Co najmniej 120 milionów złotych będzie musiała wypłacić Generalna Dyrekcja Dróg Krajowych i Autostrad firmom, które pracowały przy budowie autostrad i nie dostały pieniędzy od głównych wykonawców. Takie będą konsekwencje drogowej specustawy, która zgodnie z wyrokiem Trybunału Konstytucyjnego umożliwi zaspokojenie roszczeń dużych firm.

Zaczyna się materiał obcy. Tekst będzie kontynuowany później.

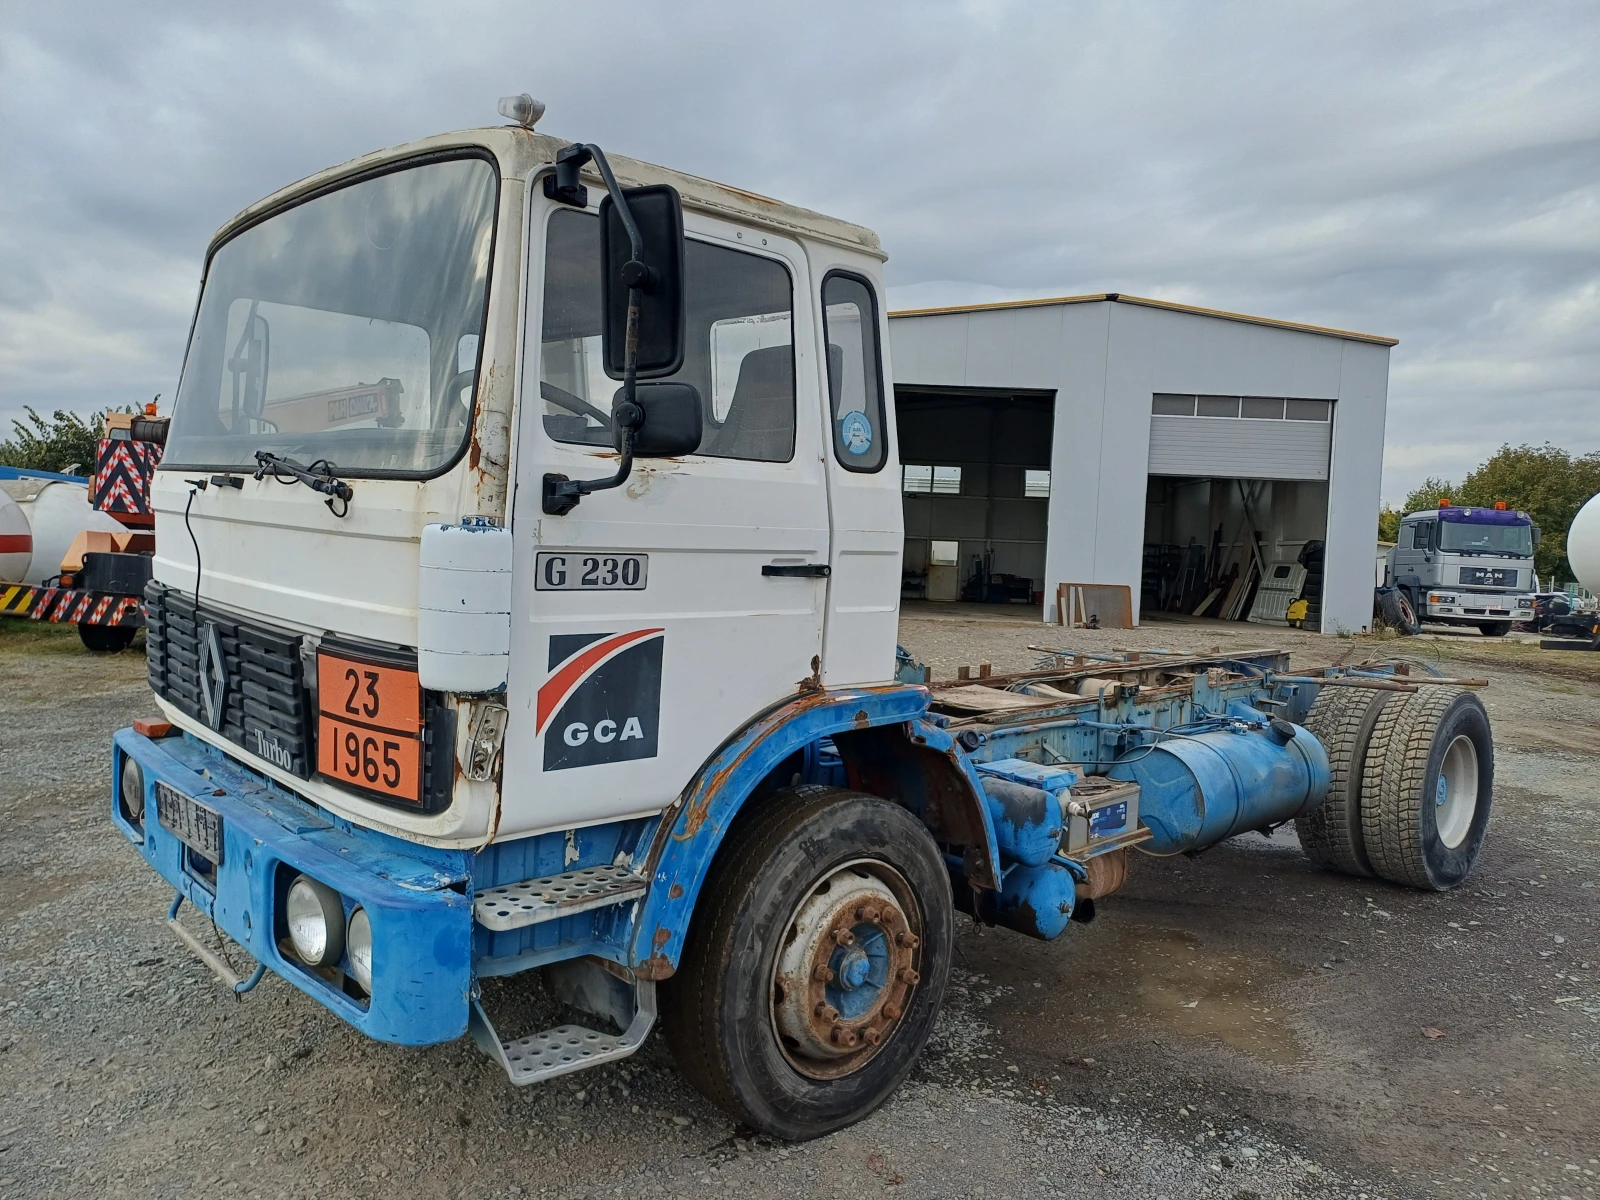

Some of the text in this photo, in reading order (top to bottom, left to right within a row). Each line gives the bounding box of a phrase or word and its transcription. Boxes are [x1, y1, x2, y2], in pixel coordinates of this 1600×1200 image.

[544, 556, 641, 586] G 230
[345, 668, 380, 718] 23
[254, 728, 292, 771] Turbo
[563, 716, 644, 747] GCA
[333, 726, 401, 788] 1965
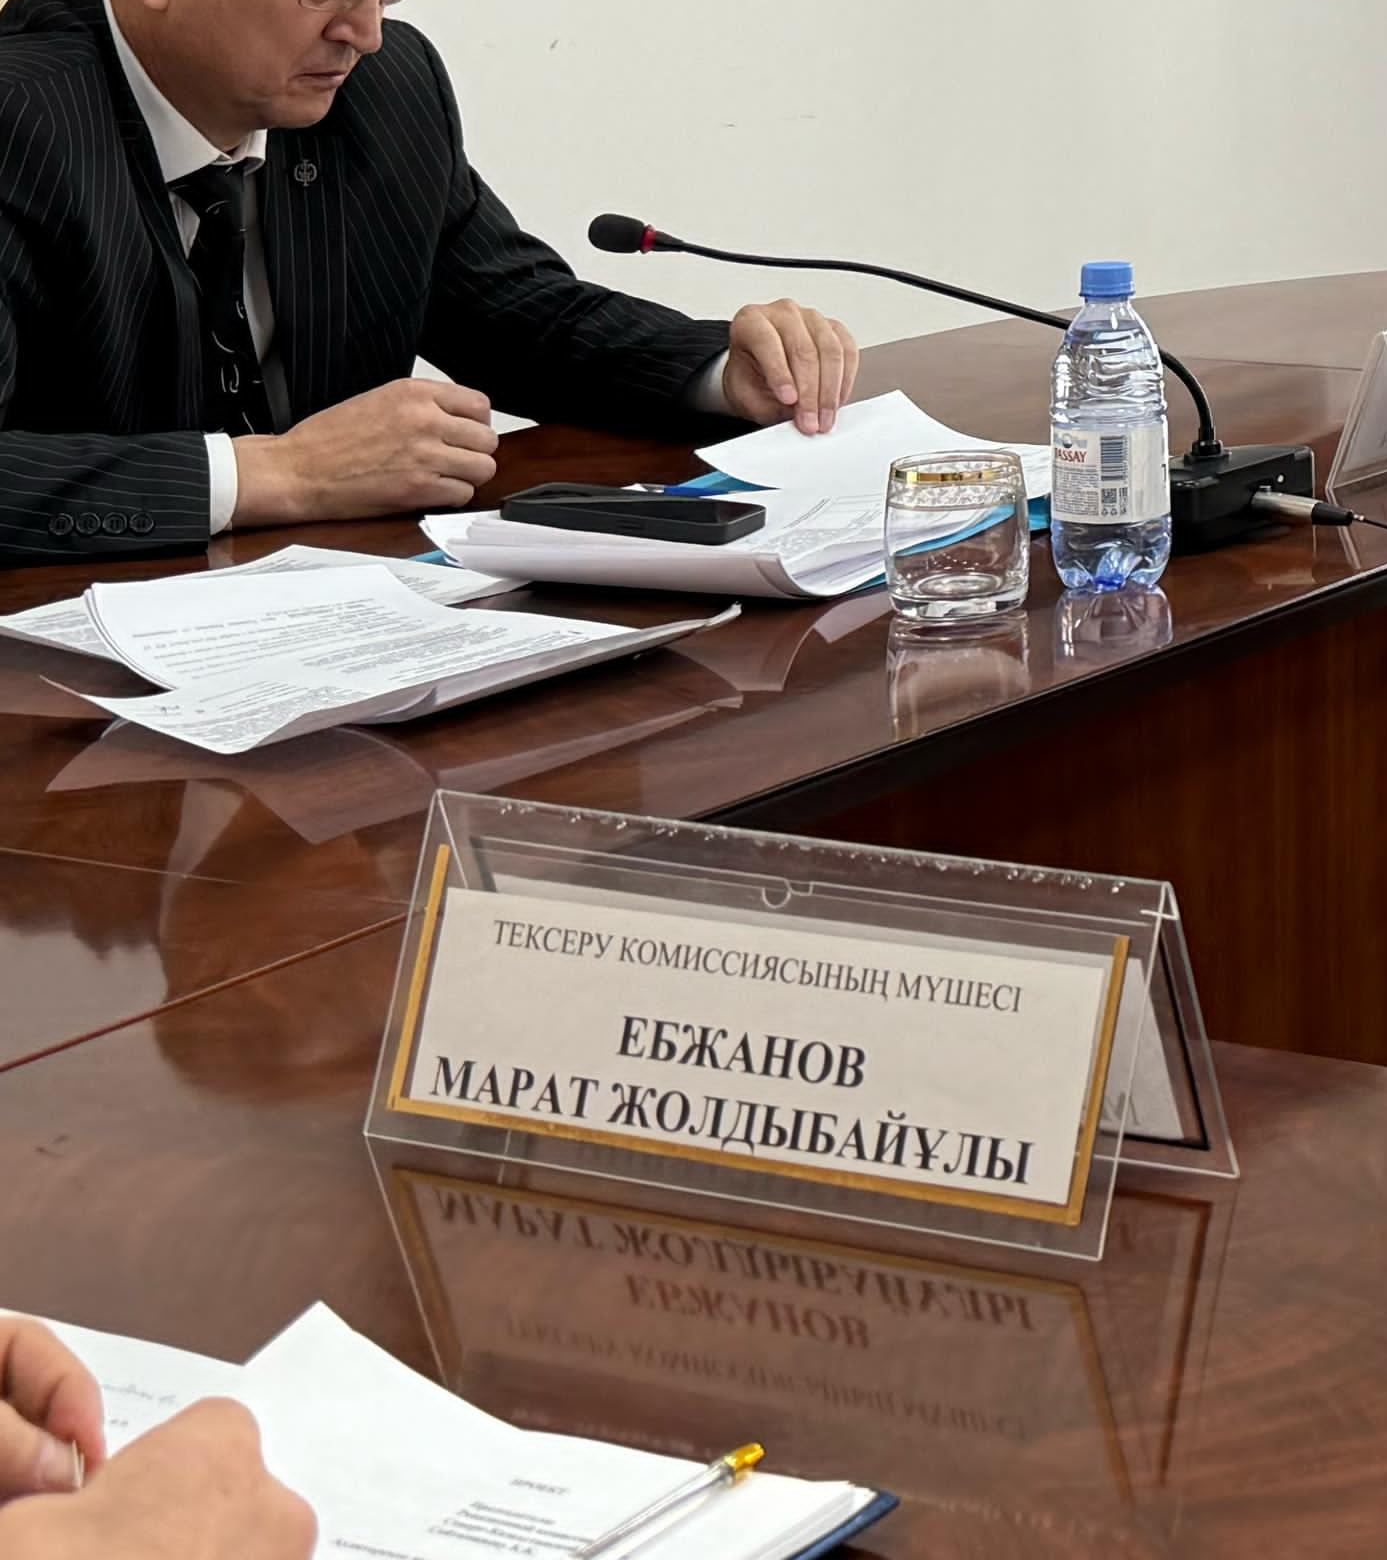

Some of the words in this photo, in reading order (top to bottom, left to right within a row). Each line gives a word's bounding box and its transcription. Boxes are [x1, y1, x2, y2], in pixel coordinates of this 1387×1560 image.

Już teraz, gdy ustawa nie opuściła jeszcze Sejmu, wnioski zapowiedziało 18 dużych przedsiębiorstw. Mogą być kolejne, ale - jak mówi wiceminister infrastruktury Zbigniew Rynasiewicz - skala roszczeń nie będzie dużo większa niż 120 milionów złotych, bo obowiązują takie same warunki jak przy wnioskach małych i średnich podwykonawców. Roszczenia mogą więc dotyczyć jedynie prac zakończonych i odebranych i to tylko do wysokości zabezpieczenia z gwarancji bankowych.

Może być tak, że nie wszystkie roszczenia w ten sposób - bo nie zamykamy przecież drogi kodeksowej - mogą być zaspokojone - powiedział reporterowi RMF FM Mariuszowi Piekarskiemu wiceminister Rynasiewicz.

Do końca stycznia GDDKiA wypłaciła blisko 1300 małym i średnim podwykonawcom 180 milionów złotych.